Very sad indeed. I'm sorry to hear about your friend. It's a shame we have to die at all. I hope your friend finds a way to cope. Sweden has the best "right to die" policy of any country. The U.S. prosecutes those like Dr. Kevorkian, but there are doctors who are sympathetic and will provide assisted death meds. Families who are unable to accept the death of a loved one are the ones that cause them to hide their sympathies. Ask for "comfort meds" only and they will usually provide them.

lightning john from Florida on March 20, 2011:

I myself would not want to linger on and on with a lot of pain. I have one friend now that is at the end road with cancer. There is no more treatments that will do any good. It is very sad. Lj

Lela (author) from Somewhere near the heart of Texas on March 20, 2011:

I'm not sure if you're asking how to avoid or cure cancer, or how to die using natural products.

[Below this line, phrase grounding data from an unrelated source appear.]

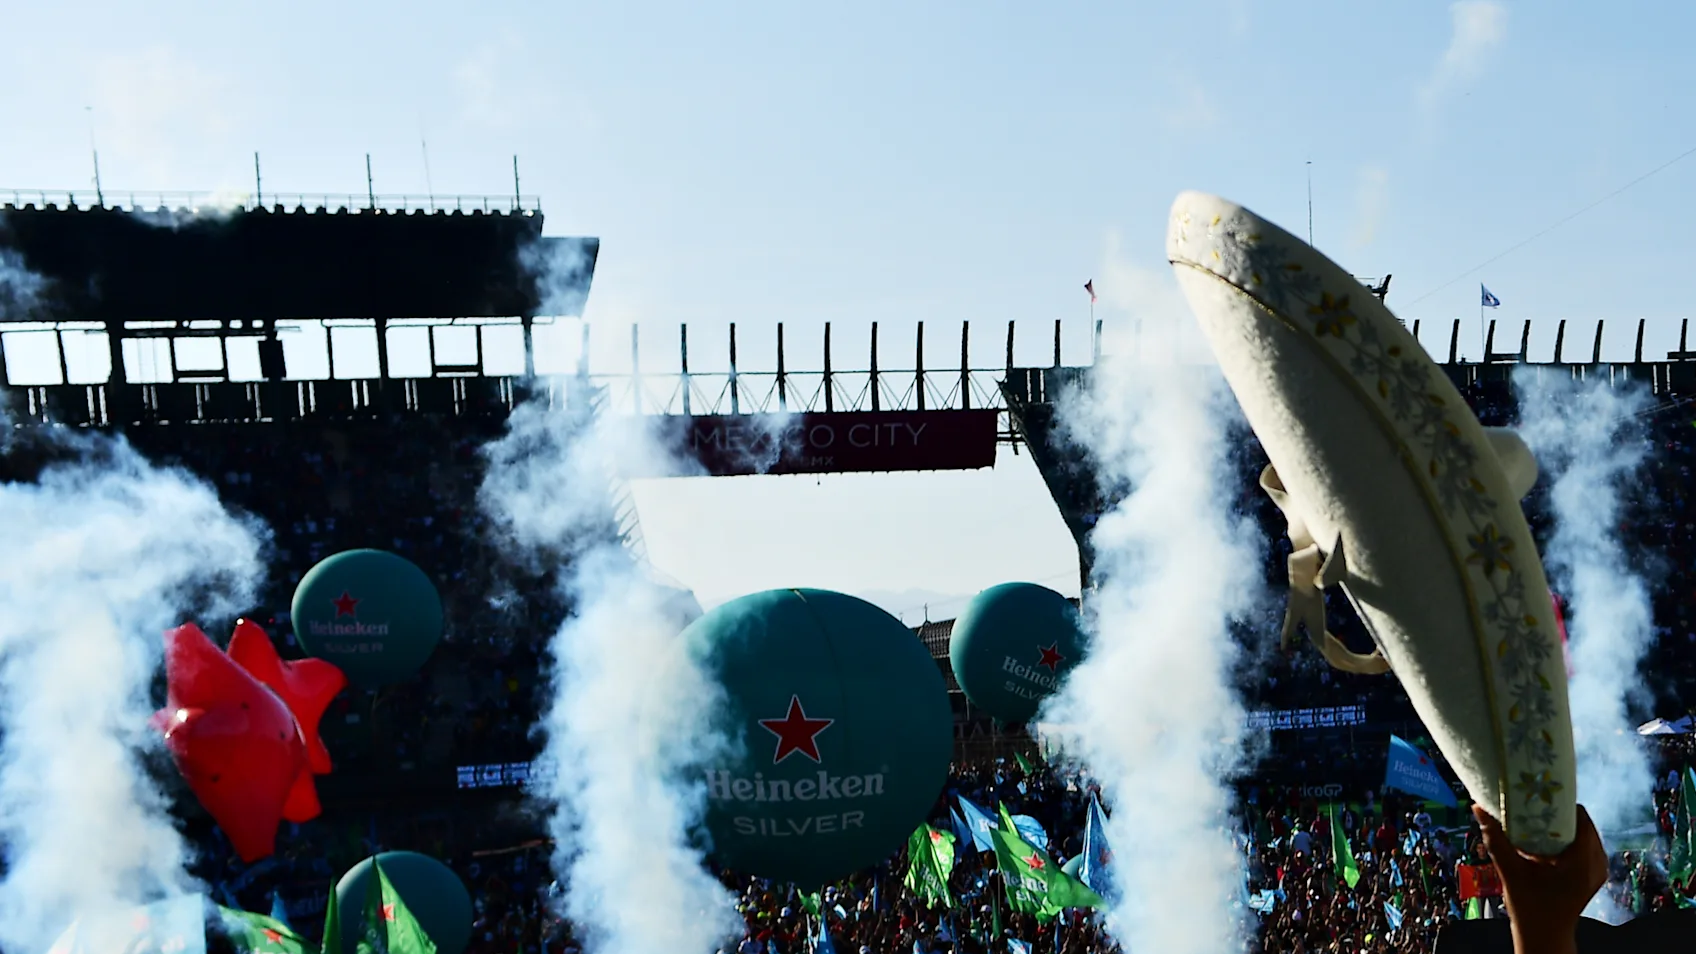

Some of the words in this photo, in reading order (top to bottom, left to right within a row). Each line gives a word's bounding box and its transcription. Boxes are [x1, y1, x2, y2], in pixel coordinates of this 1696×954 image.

[693, 424, 835, 450] MEXCO
[849, 422, 927, 448] CITY
[309, 620, 389, 636] Heineken
[1002, 656, 1061, 693] Heinek
[1004, 680, 1046, 701] SILV
[704, 769, 885, 802] Heineken
[733, 810, 866, 837] SILVER

There is no cure for cancer, natural or otherwise. As we age, cancerous cells form because they lose their ability to "get it right". The DNA, RNA etc. are all damaged by age and overuse. Our bodies are completely replaced with new cells every so often and as long as the "message" is good, everything is all right.

As to euthanasia, there are countries that will supply that service for a fee. It's an individual decision.

Hope this helps.

lightning john from Florida on March 20, 2011:

Hi AustinStar, In the book Healing And The Mind, they interview people with cancer and places that actually help them in their exit out. Do you think that these so called natural products work. I would be trying anything and everything.

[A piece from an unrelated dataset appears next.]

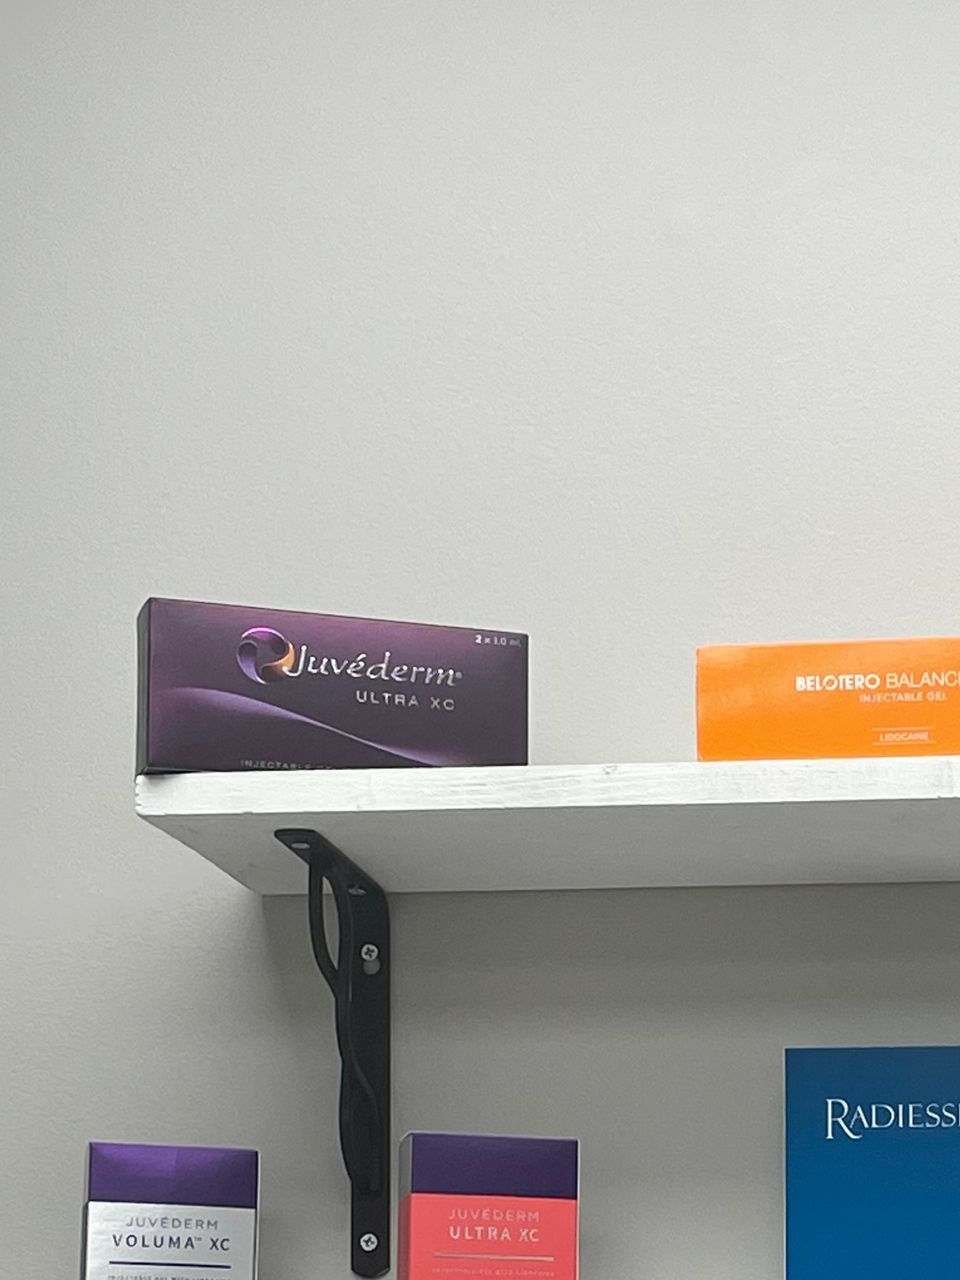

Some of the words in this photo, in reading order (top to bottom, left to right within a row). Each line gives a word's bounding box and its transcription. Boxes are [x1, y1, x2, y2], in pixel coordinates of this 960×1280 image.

Lela (author) from Somewhere near the heart of Texas on March 20, 2011:

You may request that comfort meds be given to your mom. It may be exactly what she needs and wants. None of us want to see or do the dying part of life, but we cannot escape it. I'm sad to hear that your mom is not doing well. My condolences go out to all who have to go through this.

Focus on the good parts of life. I hope there were many.

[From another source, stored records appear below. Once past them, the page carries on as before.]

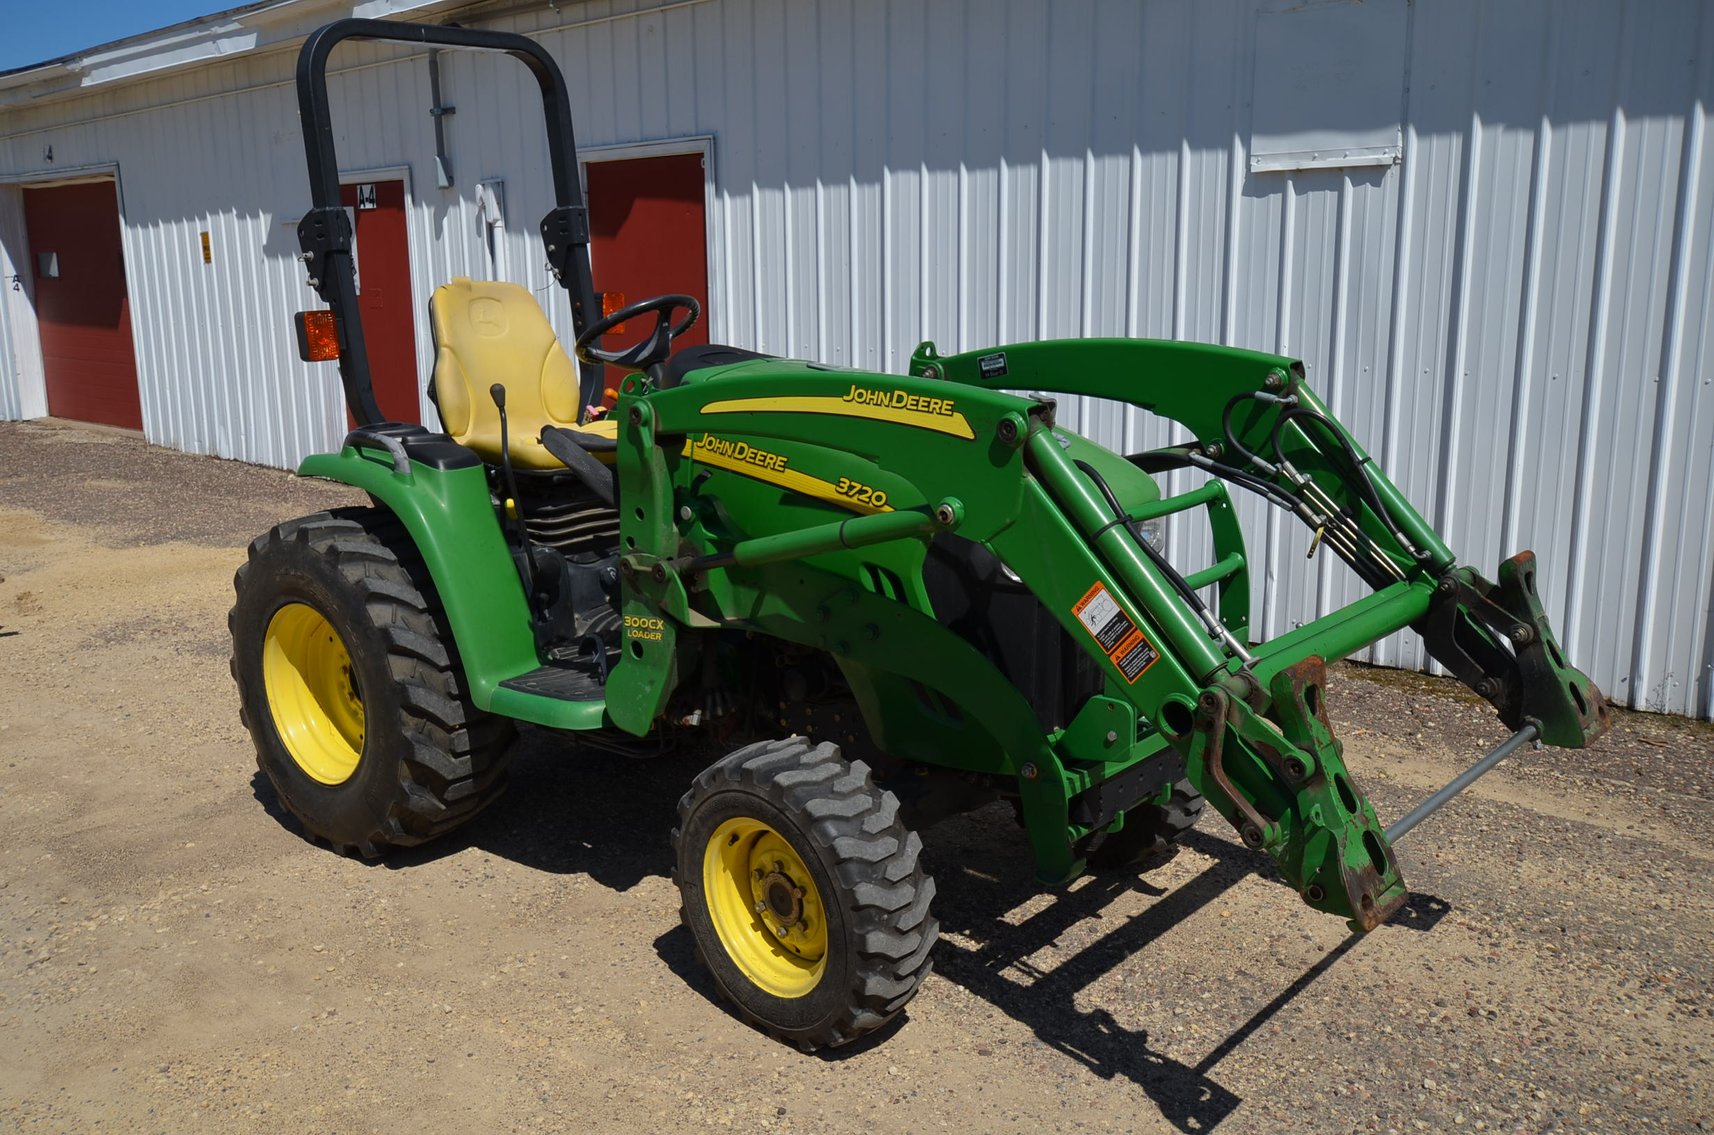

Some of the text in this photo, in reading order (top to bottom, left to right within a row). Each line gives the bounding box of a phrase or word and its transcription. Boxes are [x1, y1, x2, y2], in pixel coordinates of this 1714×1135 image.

[359, 185, 376, 208] A-4
[13, 283, 20, 292] 4
[842, 384, 955, 417] JOHN DEERE
[696, 432, 788, 473] JOHN DEERE
[834, 477, 888, 508] 3720
[1081, 585, 1100, 606] WARNING
[623, 615, 664, 630] 300CX
[627, 629, 662, 641] LOADER
[1119, 634, 1141, 656] WARNING

kathyshouse on March 20, 2011:

HI. I really didn't want to read this, but i was drawn to know the truth. Mom is not doing well, she is in advanced stages of her lung cancer. Its a hard time for all. Your article was concise and came across to me as very compassionate also easy reading for even those who are currently hurting. Very tasteful and to the point. Thanks, I for one needed this simplified version without all the frills. Sad time for all. Please pray for moms comfort.

BlackSea on February 15, 2011:

Absolutely Fantastic hub, very well written article, it will give good feedback to the googlers out there......SB

Paula from The Midwest, USA on November 15, 2010:

This was hard to read but is likely going to be very helpful to some people out there. Its encouraging for people to keep taking care of themselves too, I am sure.

cyberbiztoday from California on October 11, 2010:

Nice article..Check my article as well on Cancer :


James A Watkins from Chicago on August 14, 2010:

It's a sad world. I have had an aunt and one of my uncles die of lung cancer in the past year. Thanks for this valuable information.

Lela (author) from Somewhere near the heart of Texas on July 19, 2010:

Hi Katie and Audrey, I hope that some good will come of this hub. My neighbor just had a lobectomy for cancer in her lung and she hasn't snapped to the fact yet that she will probably die from it. She's still smoking a week after the lobectomy. I can't get her to even consider quitting.

I watch people die at the hospital all the time and though it happens to all, it's sad to see some of the pain it causes. It doesn't have to be that way.

You girls are great nieces, I can tell!

Audrey Kirchner from Washington on July 19, 2010:

Very concise indeed - my uncle died of lung cancer after he had had part of his lung removed. Sad thing - my sister-in-law also got it and she had never smoked or been exposed to smoke so you just never know. Thanks for the good information, Lela!

Katie McMurray from Ohio on July 19, 2010:

What a clear and easy read, while I do feel the pain and loss of a loved one, my uncle is currently living with one lung and experiencing what you speak of it is helpful to know. I especially like the part about going to sleep, sometimes you can hear him struggle to breath and other times you don't hear him at all, it's then I wonder, he's still here. Great read and thank you! Peace be with all!